The data is also useful for shaping policy: it shows who is more vulnerable to a drug policy regime that incarcerates nonviolent pot users, and who is at greater risk if marijuana legalization eventually allows big businesses to market the drug with very little oversight.

The chart presents an argument for decriminalization — but against commercialization

The chart can be easily interpreted as an argument for decriminalizing marijuana, as Dan Riffle of the pro-legalization Marijuana Policy Project noted on Twitter. The last thing someone who's poor, young, and uneducated needs is a criminal record for possessing marijuana — that's going to make it a lot more difficult to find a well-paying job and move up the economic ladder.

But the chart also offers an argument against the commercialization of legalized marijuana. As drug policy experts have previously told me, the biggest risk of marijuana is that a user will lose control of his pot intake and become dependent on it. If pot is legalized, and retail sales and widespread commercialization make it more accessible, it could be easier for problematic pot users to obtain the drug — and it's going to be very difficult for them to rise to their potential if they're frequently intoxicated.

Jon Caulkins, a drug policy expert at Carnegie Mellon University, explained: "At some level, we know that spending more than half of your waking hours intoxicated for years and years on end is not increasing the likelihood that you'll win a Pulitzer Prize or discover the cure for cancer."

There's some precedent for worrying about the impact of commercialization on low-income people: a University of Minnesota study of 10 cities found that liquor stores are much more common in poor neighborhoods, where these businesses can target a less-educated demographic that may be more prone to substance abuse. It's possible a similar scenario could eventually play out with marijuana if it's legalized and a big marijuana industry strong-arms policymakers into weak regulations, as the alcohol industry has done in many states.
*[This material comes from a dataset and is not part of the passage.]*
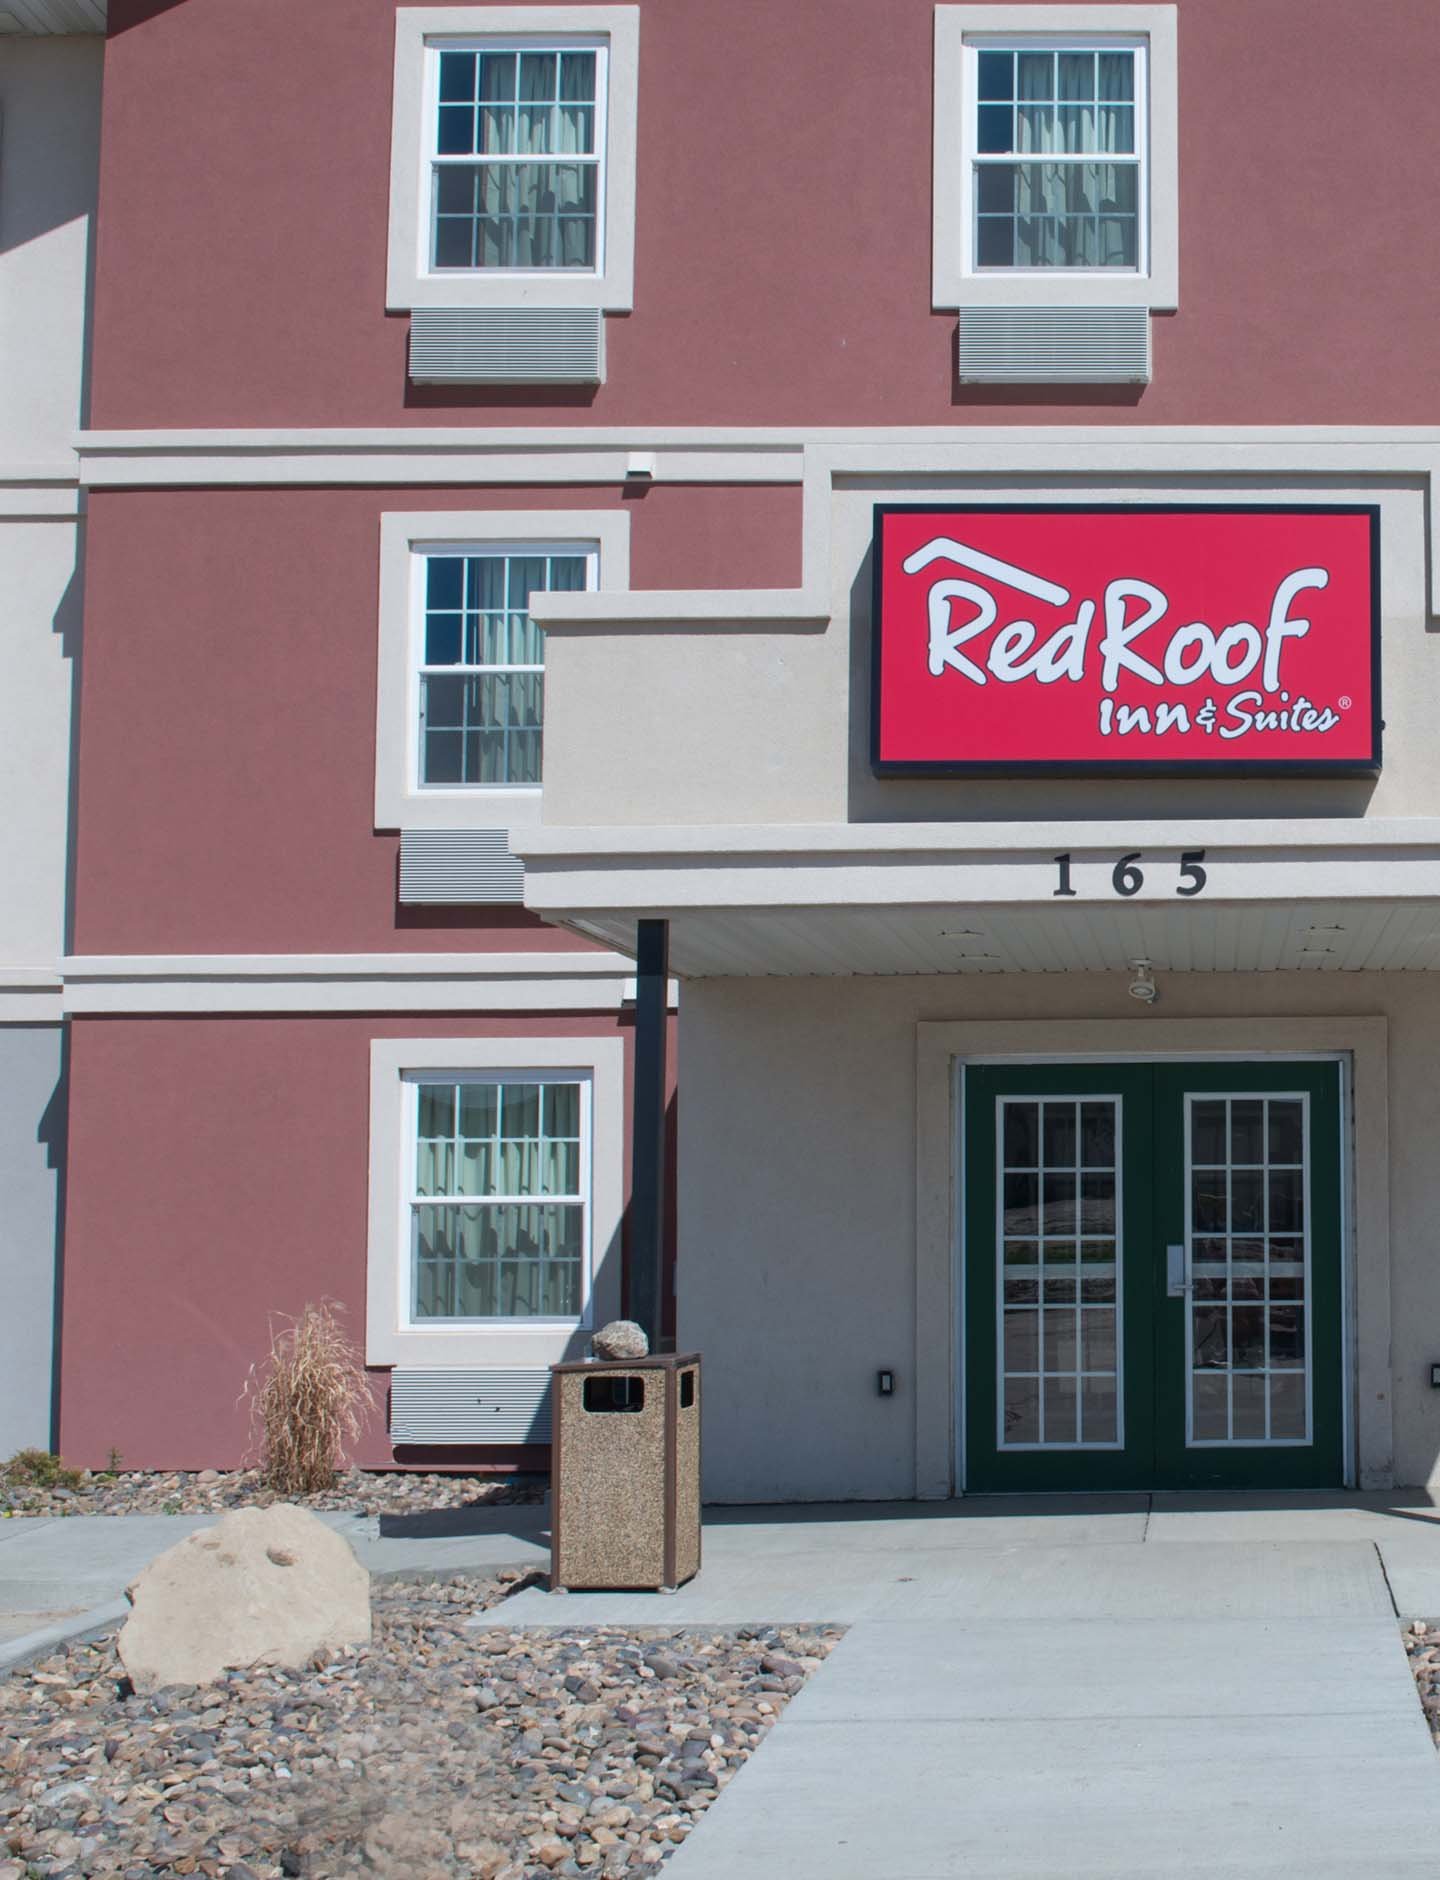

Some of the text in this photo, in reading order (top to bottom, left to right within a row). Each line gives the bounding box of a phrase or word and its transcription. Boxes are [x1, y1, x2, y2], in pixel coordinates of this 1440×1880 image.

[1099, 698, 1191, 736] Inn
[1196, 697, 1217, 735] &
[1053, 849, 1207, 897] 165
But commercialization isn't the only way to legalize marijuana; drug policy experts emphasize there are about a dozen ways to alter marijuana policy without sticking to the current form of prohibition. A January report from the RAND Corporation suggested, as one way forward, that state governments could monopolize production and sales and sell marijuana through state-operated shops. The report found states that did this with alcohol kept prices higher, reduced access of alcohol to youth, and reduced overall levels of use.

This kind of approach is very difficult to do through ballot initiative, the favorite method of changing marijuana policy in recent years, because not many people are open to the idea of turning their state government into a drug dealer. But it's an idea drug policy experts want voters and legislators to take seriously — and breaking stereotypes about who smokes pot shows why it's important.